__HOW TO COMPLETE THIS TASK__
Copy each line of the records below that has "phrase" in it.

__INPUT DATA__
•••
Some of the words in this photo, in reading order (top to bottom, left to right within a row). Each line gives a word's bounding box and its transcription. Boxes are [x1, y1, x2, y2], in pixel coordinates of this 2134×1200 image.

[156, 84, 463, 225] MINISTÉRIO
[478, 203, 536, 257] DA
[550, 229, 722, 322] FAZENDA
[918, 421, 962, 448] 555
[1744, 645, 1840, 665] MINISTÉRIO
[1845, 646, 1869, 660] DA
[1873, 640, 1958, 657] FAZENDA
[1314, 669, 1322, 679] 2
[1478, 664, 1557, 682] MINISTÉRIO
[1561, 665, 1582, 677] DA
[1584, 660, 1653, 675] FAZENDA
•••
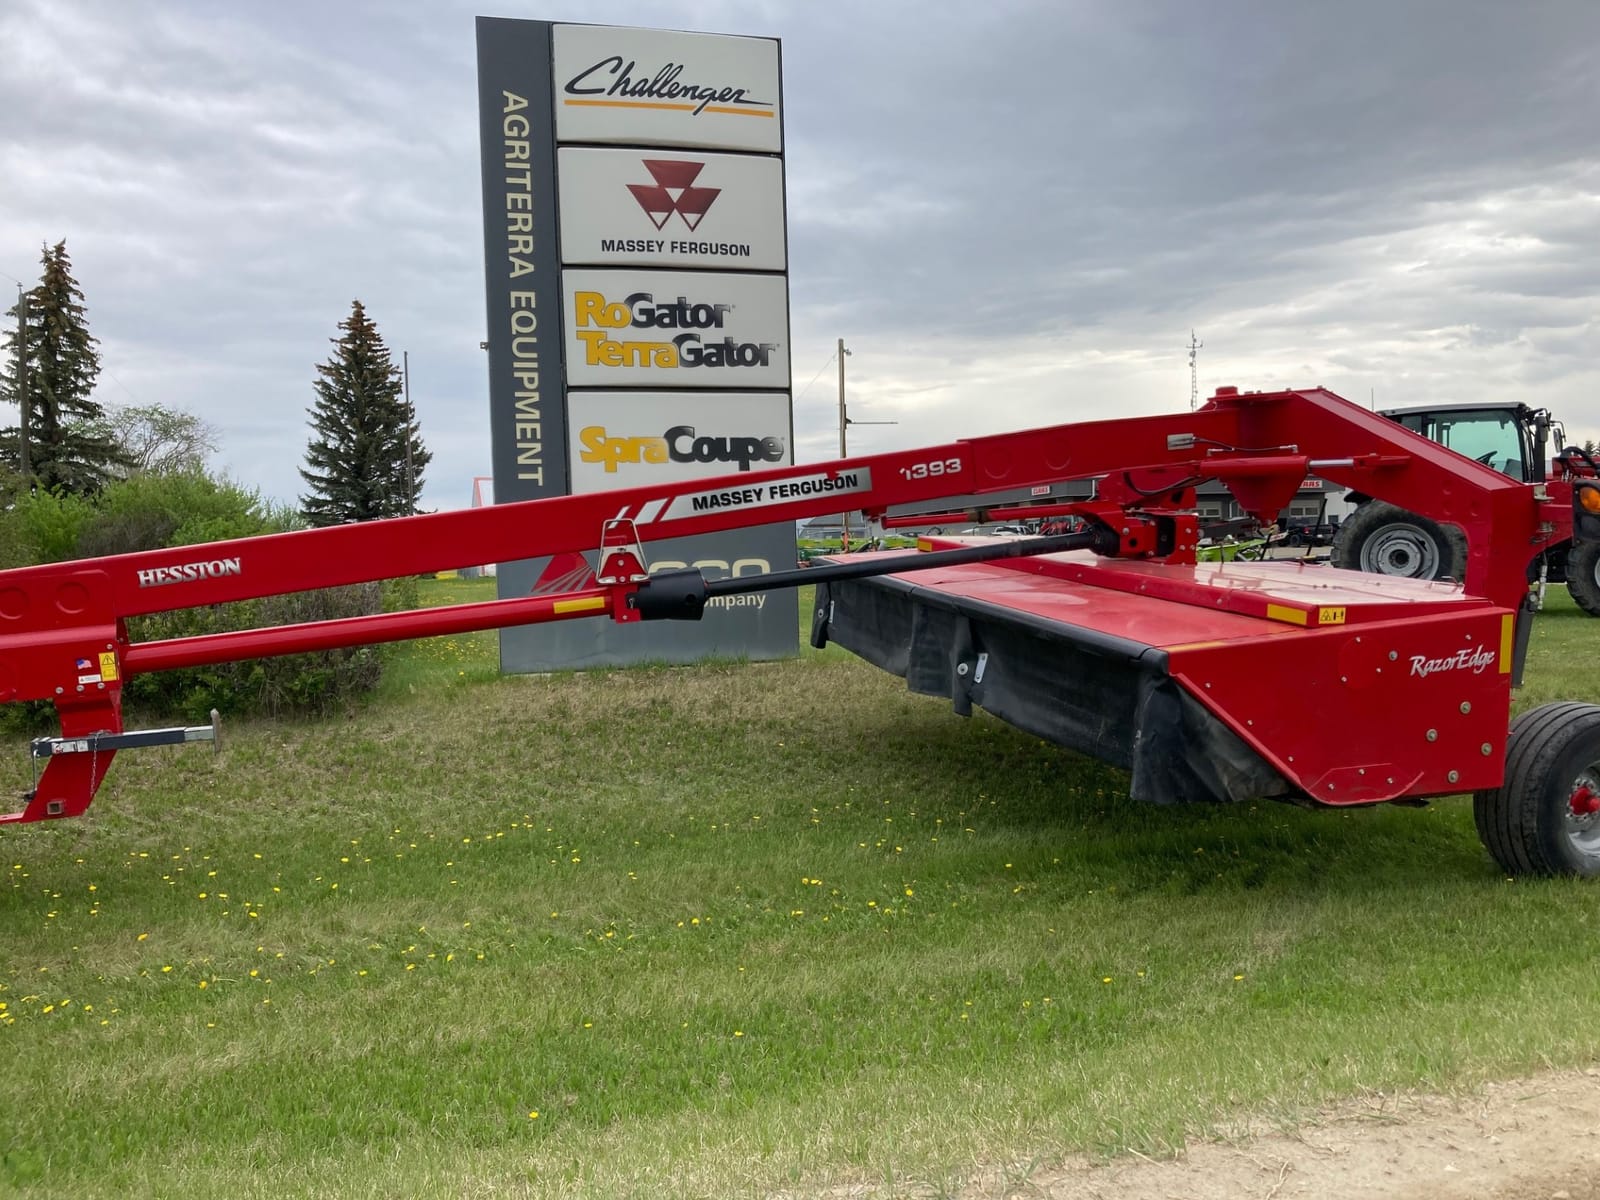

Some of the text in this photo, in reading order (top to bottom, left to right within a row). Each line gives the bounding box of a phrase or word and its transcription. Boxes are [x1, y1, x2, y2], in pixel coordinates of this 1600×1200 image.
•••
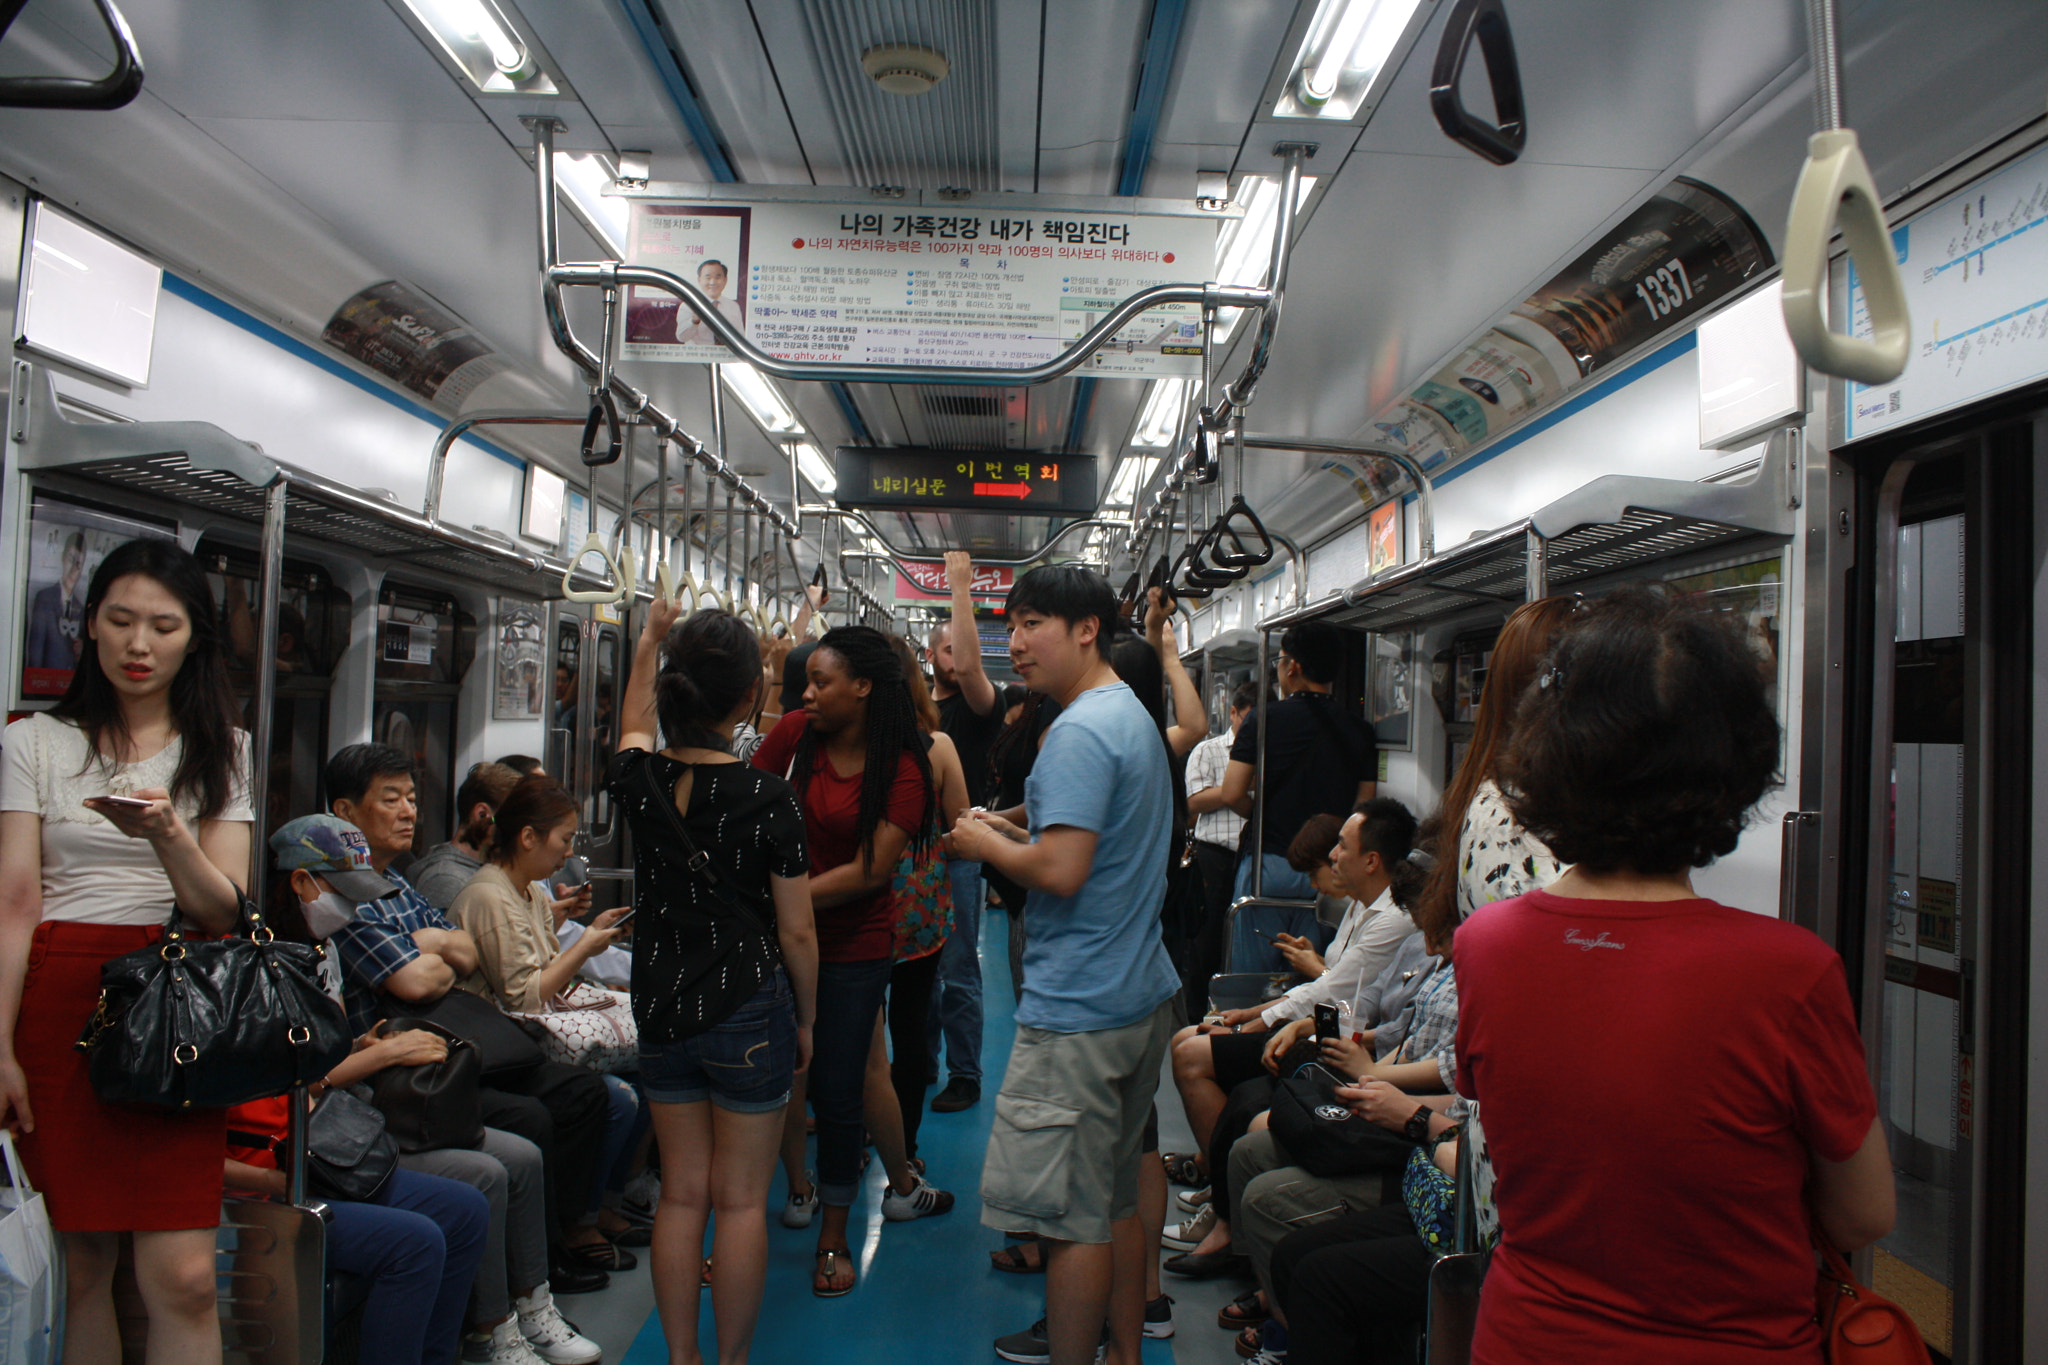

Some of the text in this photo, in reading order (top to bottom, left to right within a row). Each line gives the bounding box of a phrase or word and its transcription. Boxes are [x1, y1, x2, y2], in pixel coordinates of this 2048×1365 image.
•••
__ANSWER FOR THE TASK__
Some of the text in this photo, in reading order (top to bottom, left to right within a row). Each line gives the bounding box of a phrase or word and its transcription. Boxes are [x1, y1, x2, y2], in pixel coordinates of this 1600×1200 image.
Some of the text in this photo, in reading order (top to bottom, left to right within a row). Each line gives the bounding box of a phrase or word and its transcription. Boxes are [x1, y1, x2, y2], in pixel coordinates of this 2048×1365 image.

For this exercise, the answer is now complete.